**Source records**
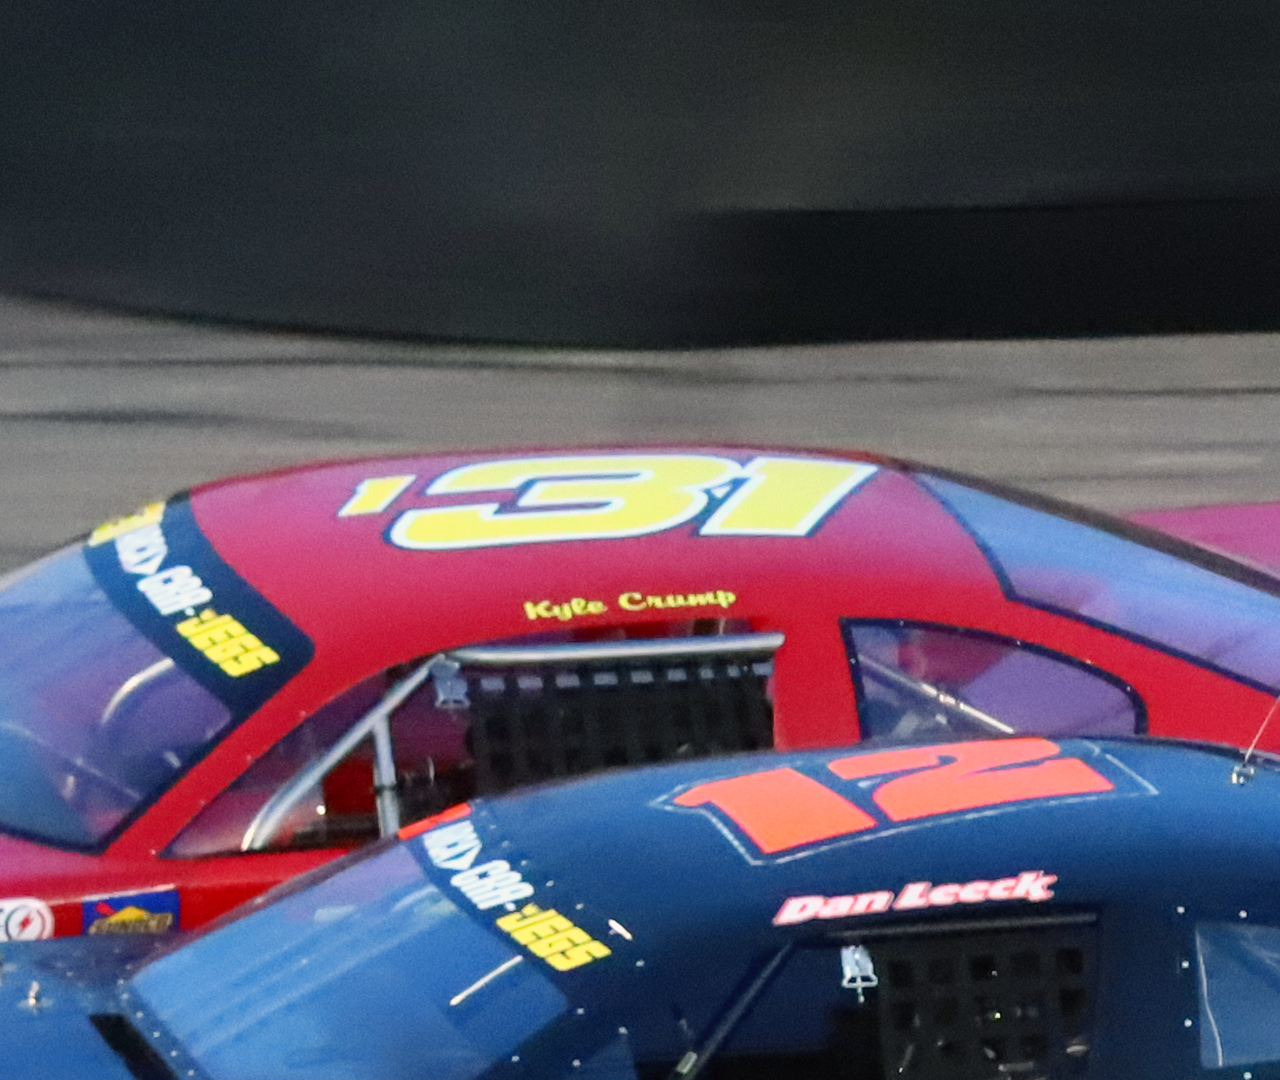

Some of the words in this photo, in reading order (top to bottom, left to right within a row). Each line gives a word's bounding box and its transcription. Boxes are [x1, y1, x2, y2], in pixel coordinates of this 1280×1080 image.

[383, 454, 878, 551] 31
[523, 597, 608, 621] Kyle
[618, 589, 737, 612] Crump
[673, 737, 1116, 855] 12
[495, 902, 613, 972] JEGS
[772, 894, 895, 927] Dan
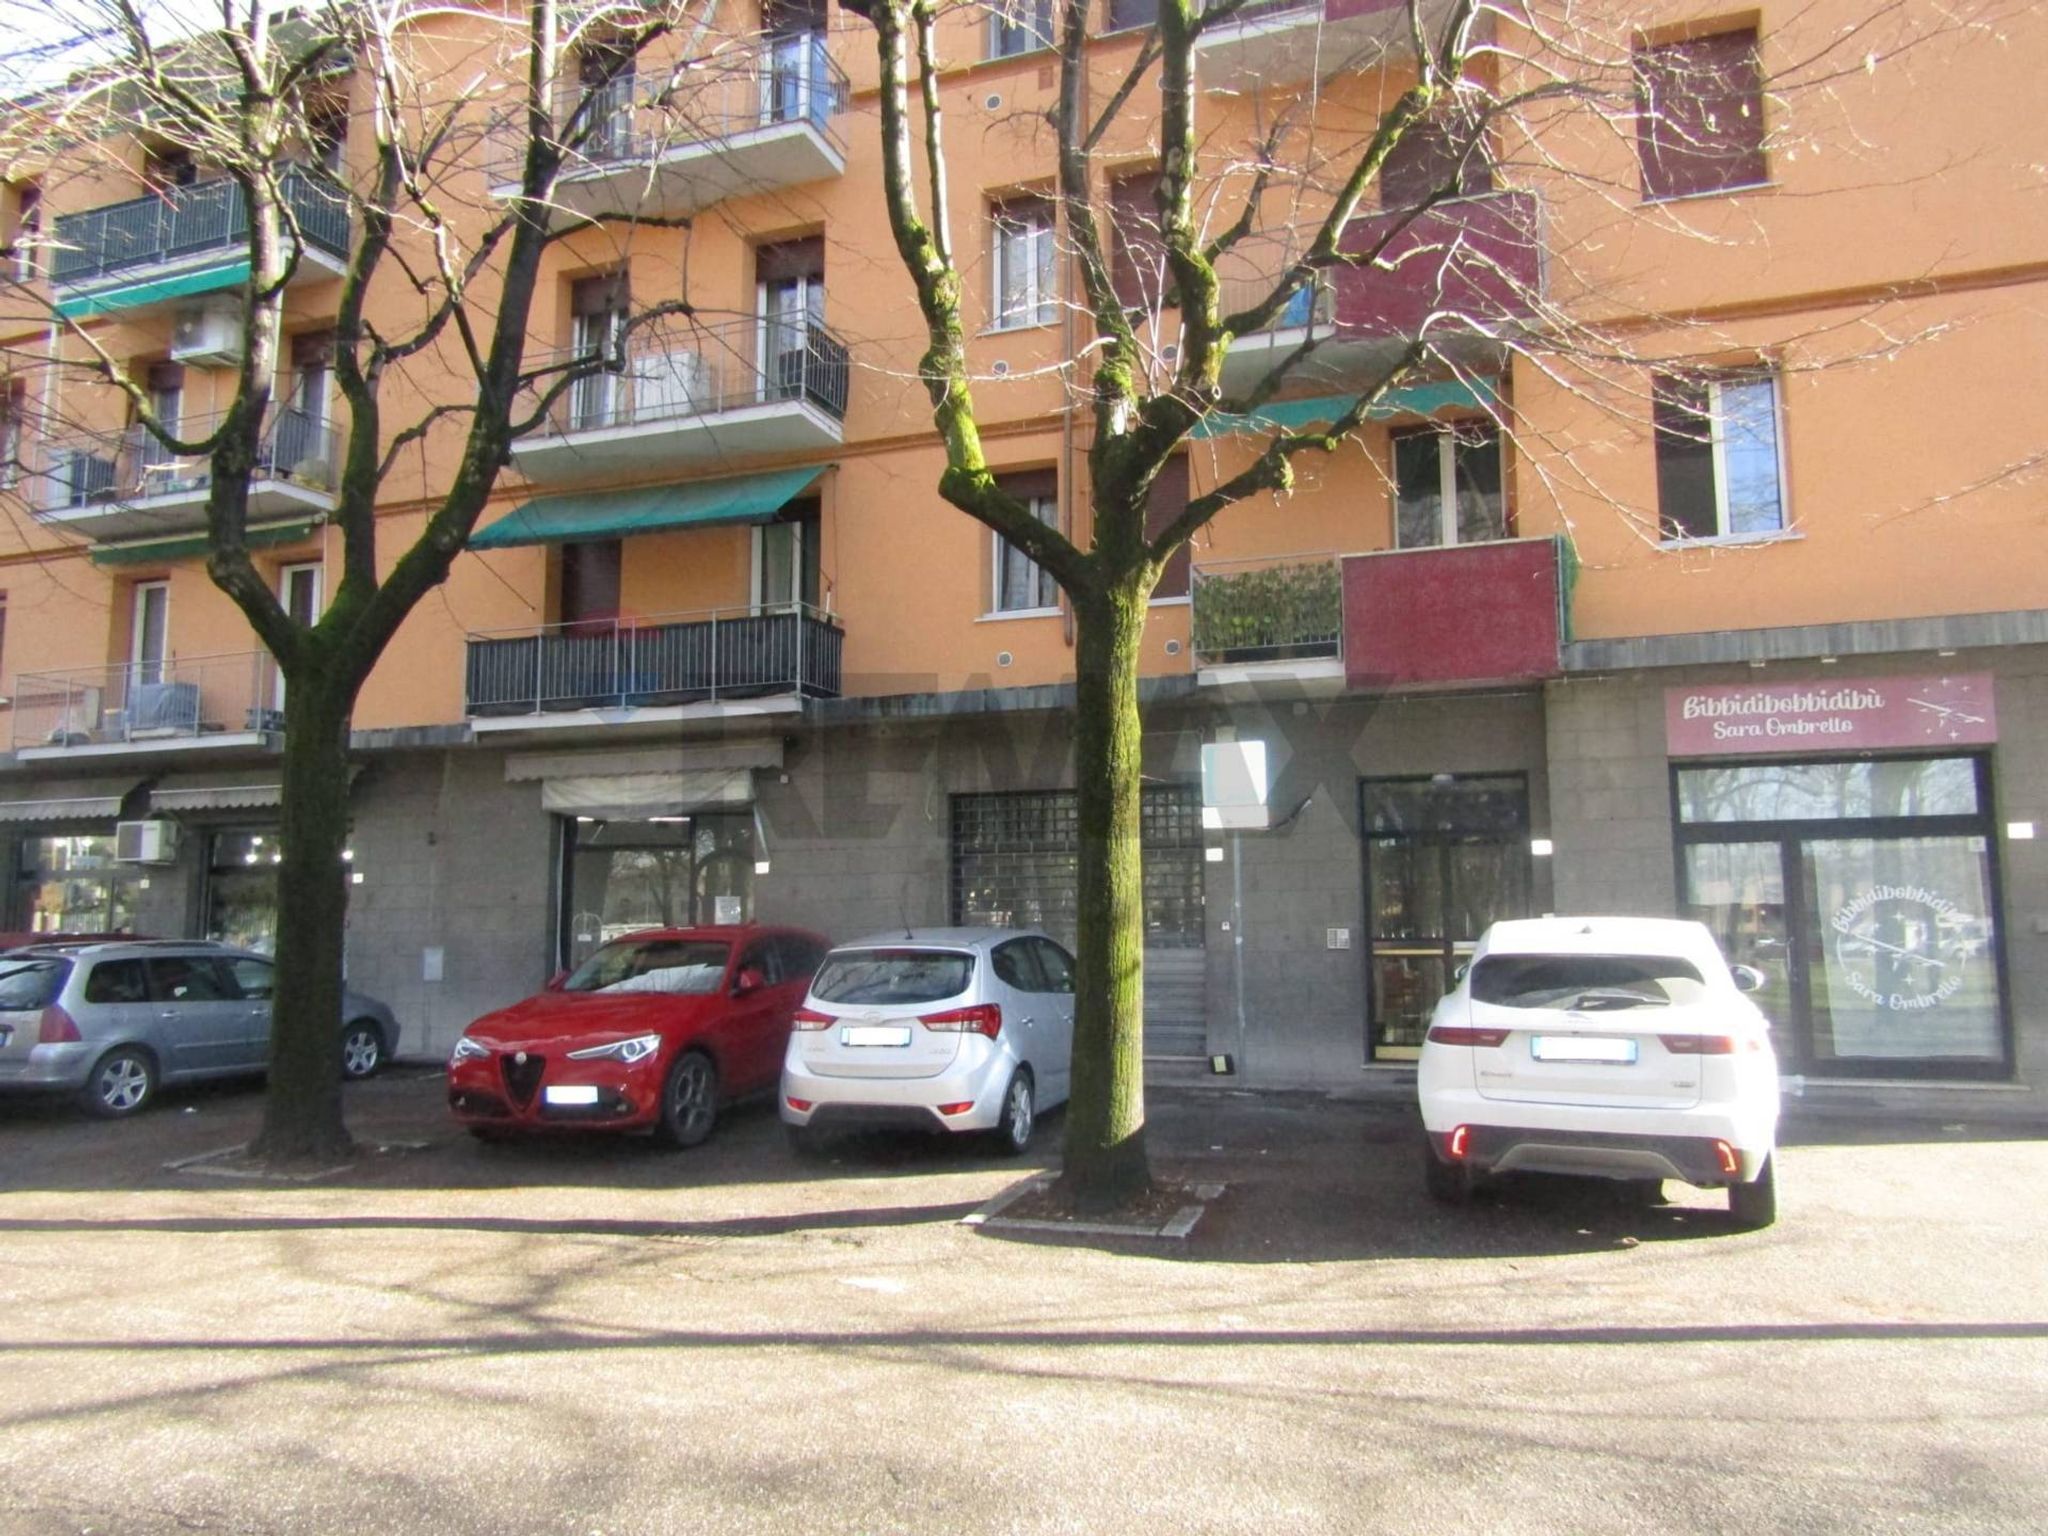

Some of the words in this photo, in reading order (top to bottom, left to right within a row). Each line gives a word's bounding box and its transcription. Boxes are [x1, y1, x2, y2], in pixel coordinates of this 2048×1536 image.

[1683, 688, 1886, 719] Bibbidibobbidibù
[1713, 720, 1764, 740] Sara
[1766, 717, 1854, 736] Ombrello
[1845, 971, 1886, 1005] Sara
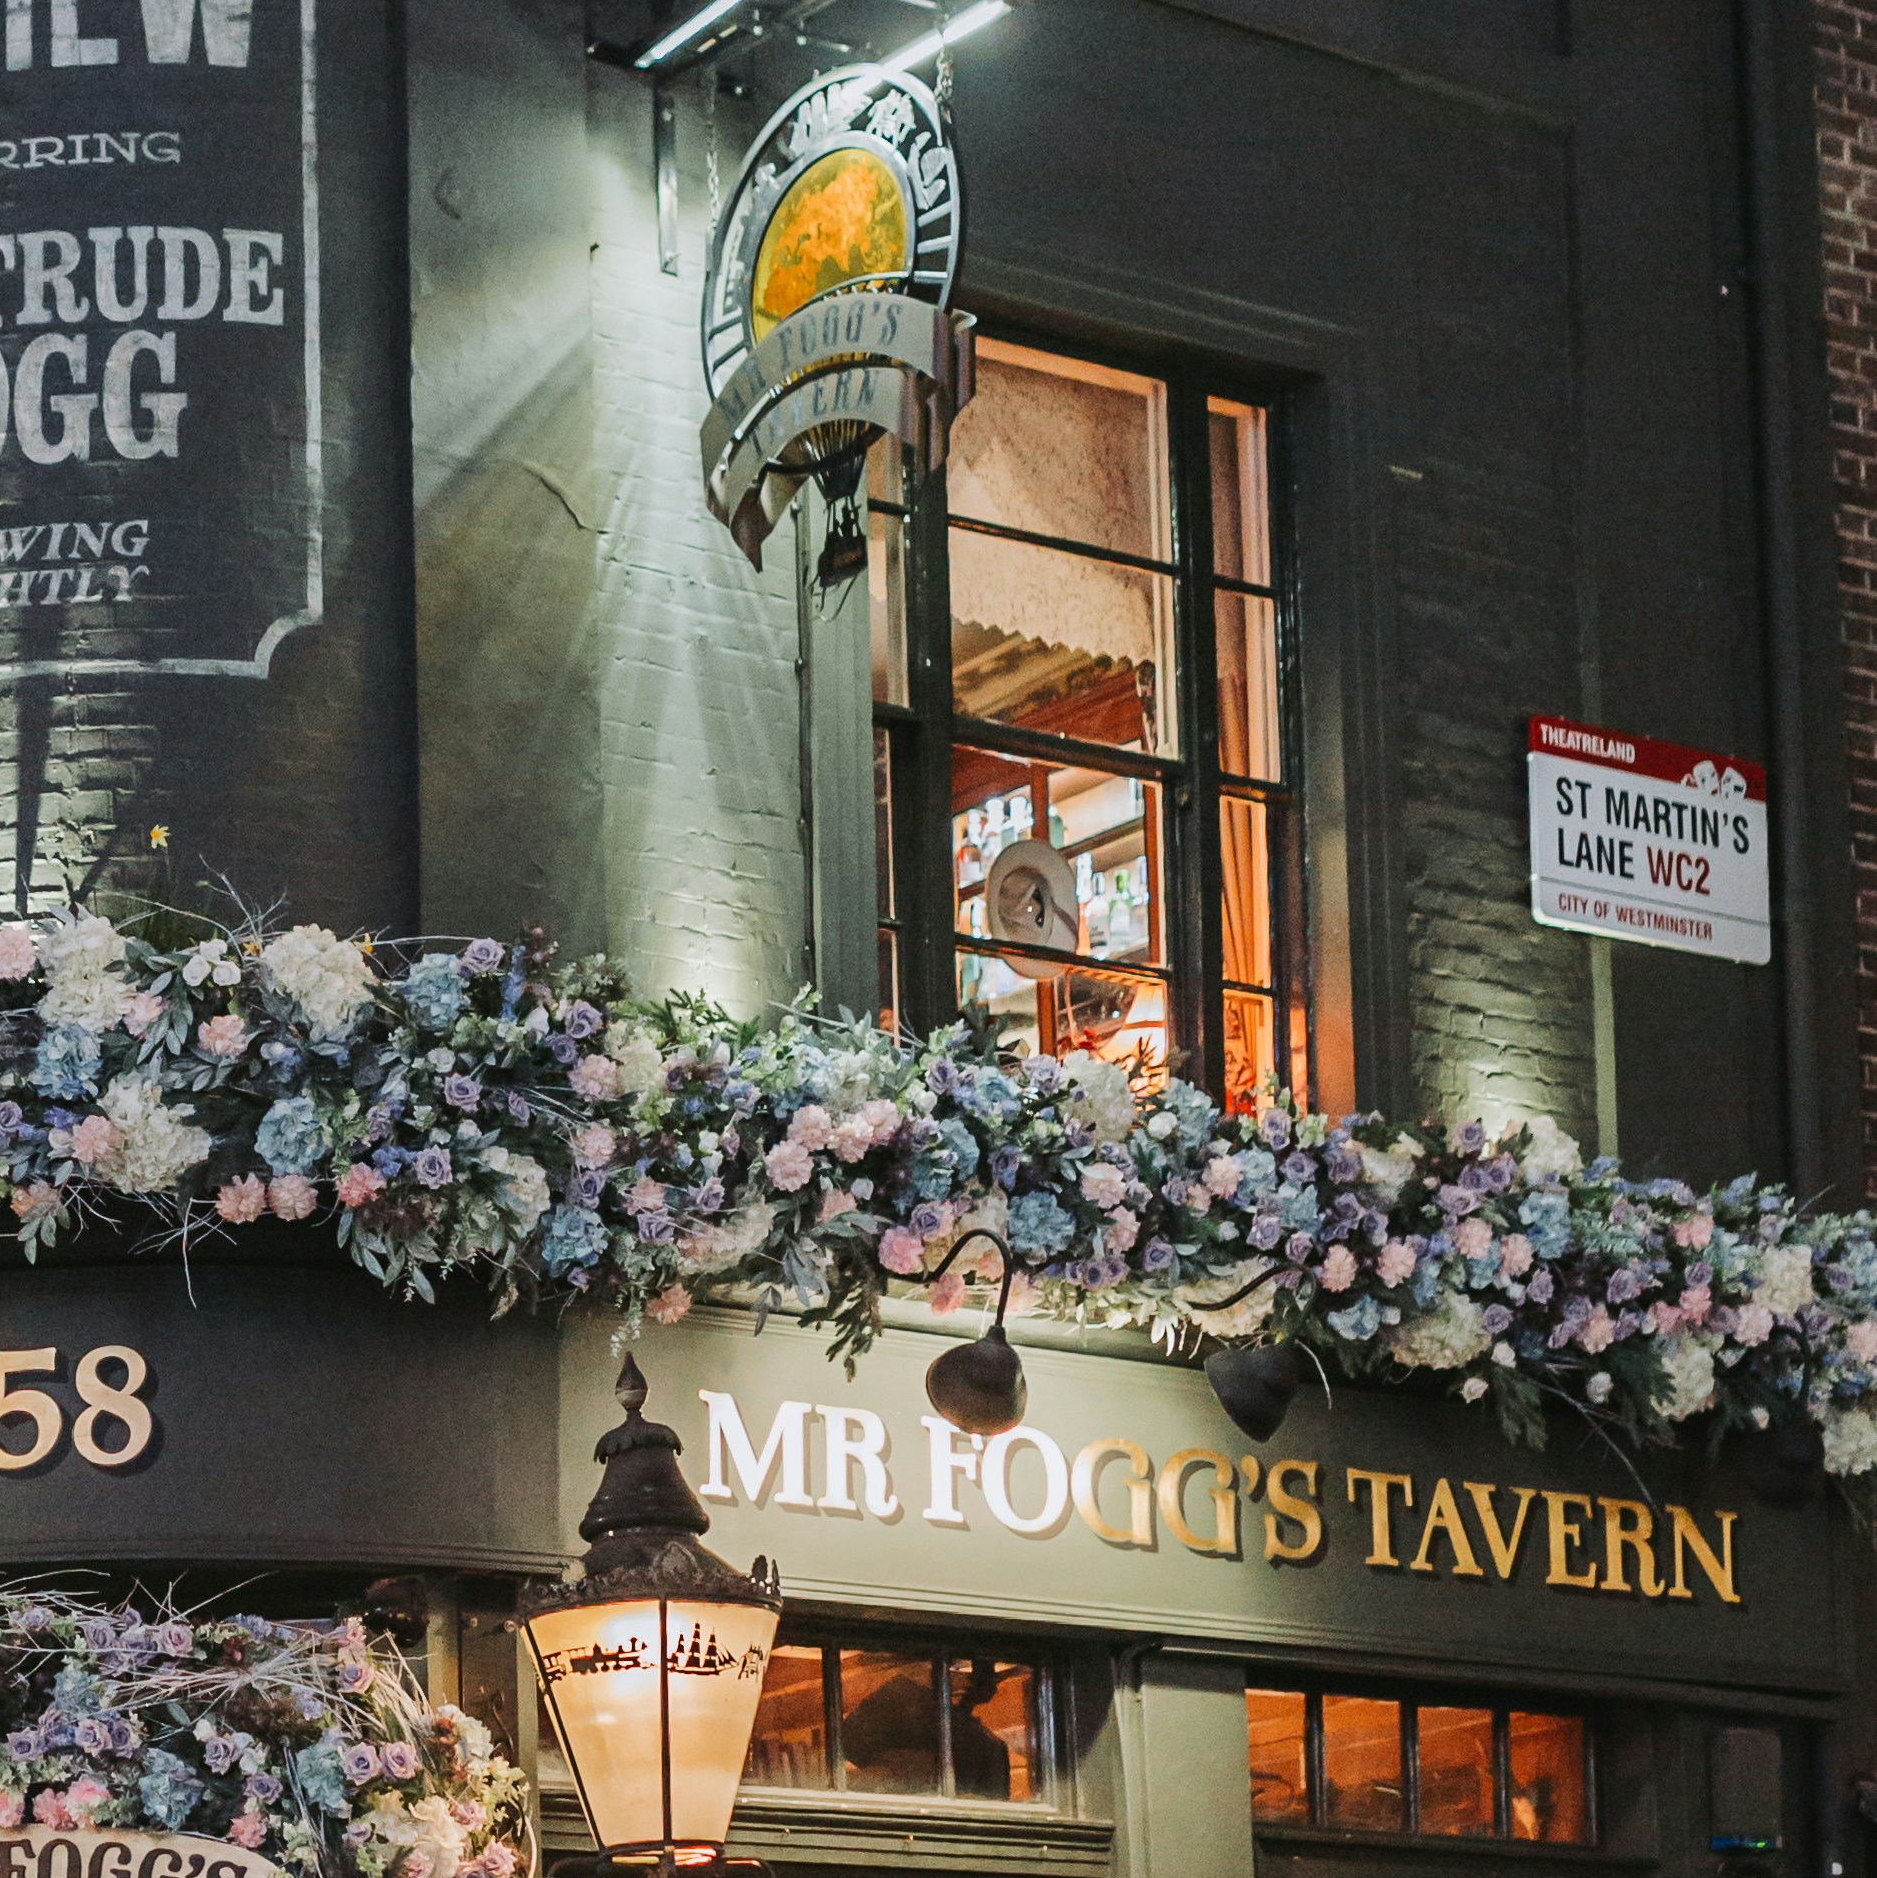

**What you should do**
Give back the records exactly, minus any pictures.

**Problem solution**
Some of the words in this photo, in reading order (top to bottom, left to right within a row). Each line gives a word's bounding box and its transcription. Boxes are [x1, y1, x2, y2], in pixel coordinates of this 1280×1080 image.

[383, 454, 878, 551] 31
[523, 597, 608, 621] Kyle
[618, 589, 737, 612] Crump
[673, 737, 1116, 855] 12
[495, 902, 613, 972] JEGS
[772, 894, 895, 927] Dan

Some of the words in this photo, in reading order (top to bottom, left to right within a row). Each line gives a word's bounding box and its transcription. Boxes are [x1, y1, x2, y2], in pixel coordinates of this 2048×1536 image.

[1683, 688, 1886, 719] Bibbidibobbidibù
[1713, 720, 1764, 740] Sara
[1766, 717, 1854, 736] Ombrello
[1845, 971, 1886, 1005] Sara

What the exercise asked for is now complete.